- PROBLEM
Would you repeat the whole listing exactly, pictures excluded?

######

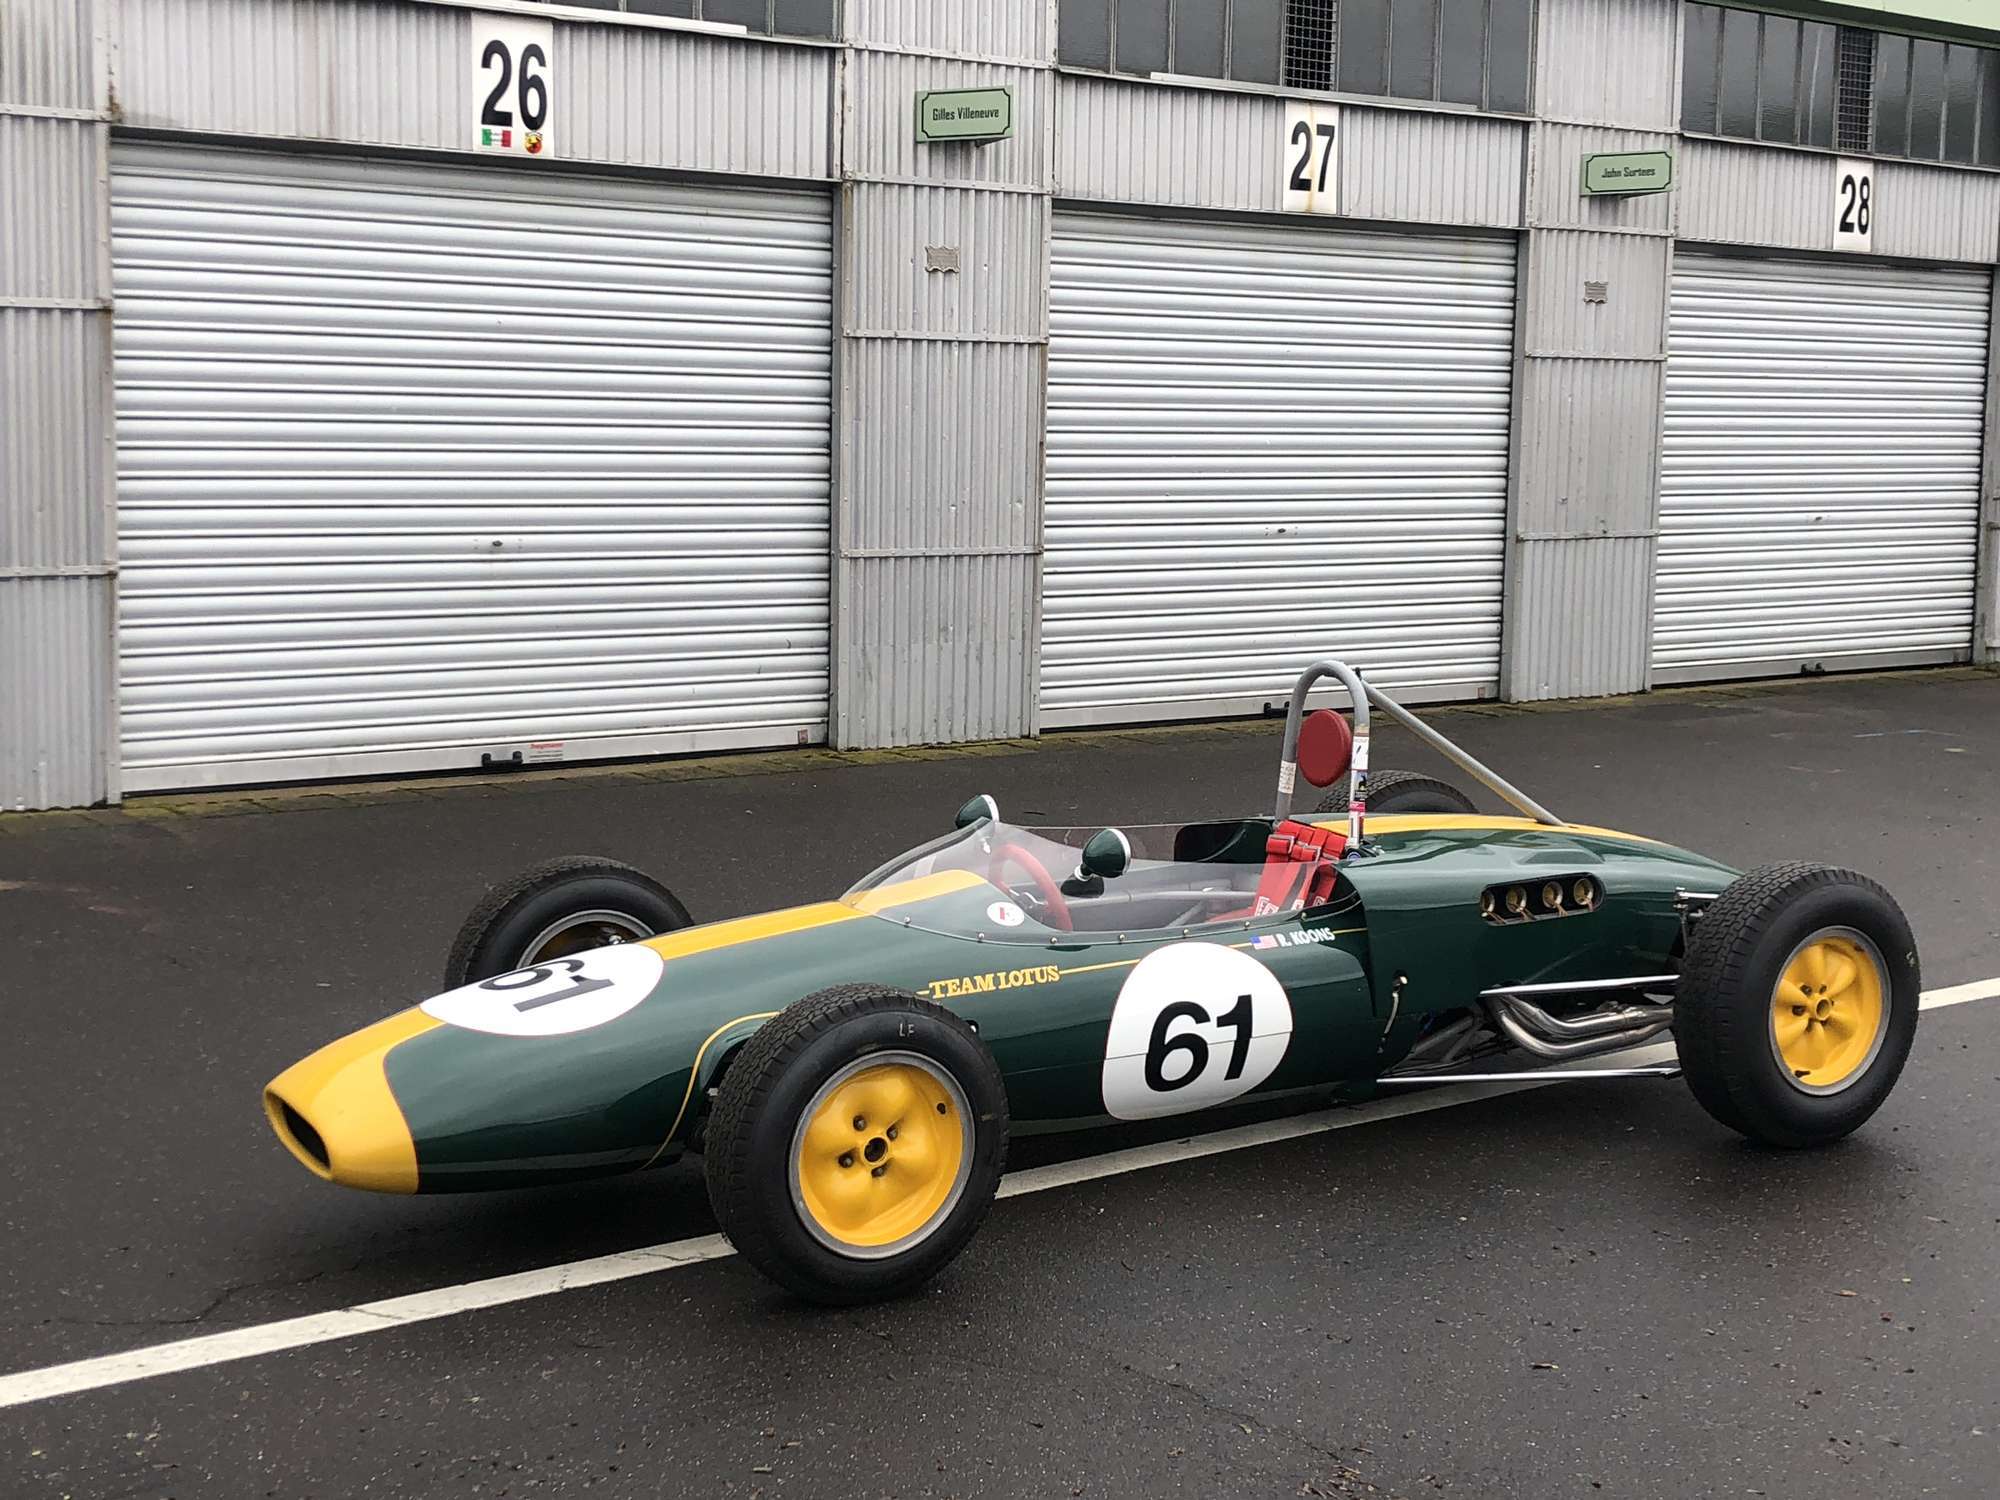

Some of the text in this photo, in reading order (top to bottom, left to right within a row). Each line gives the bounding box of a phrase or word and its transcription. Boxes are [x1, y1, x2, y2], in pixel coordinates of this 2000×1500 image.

[481, 39, 548, 131] 26
[932, 106, 1000, 121] Gilles Villeneuve
[1289, 120, 1336, 193] 27
[1601, 167, 1622, 178] John
[1839, 174, 1871, 235] 28
[1289, 927, 1335, 945] KOONS
[478, 959, 615, 1013] 61
[928, 965, 1061, 999] TEAM LOTUS
[899, 1023, 915, 1038] LF
[1144, 994, 1253, 1093] 61

######

- WRITTEN ANSWER
Some of the text in this photo, in reading order (top to bottom, left to right within a row). Each line gives the bounding box of a phrase or word and its transcription. Boxes are [x1, y1, x2, y2], in pixel coordinates of this 2000×1500 image.

[481, 39, 548, 131] 26
[932, 106, 1000, 121] Gilles Villeneuve
[1289, 120, 1336, 193] 27
[1601, 167, 1622, 178] John
[1839, 174, 1871, 235] 28
[1289, 927, 1335, 945] KOONS
[478, 959, 615, 1013] 61
[928, 965, 1061, 999] TEAM LOTUS
[899, 1023, 915, 1038] LF
[1144, 994, 1253, 1093] 61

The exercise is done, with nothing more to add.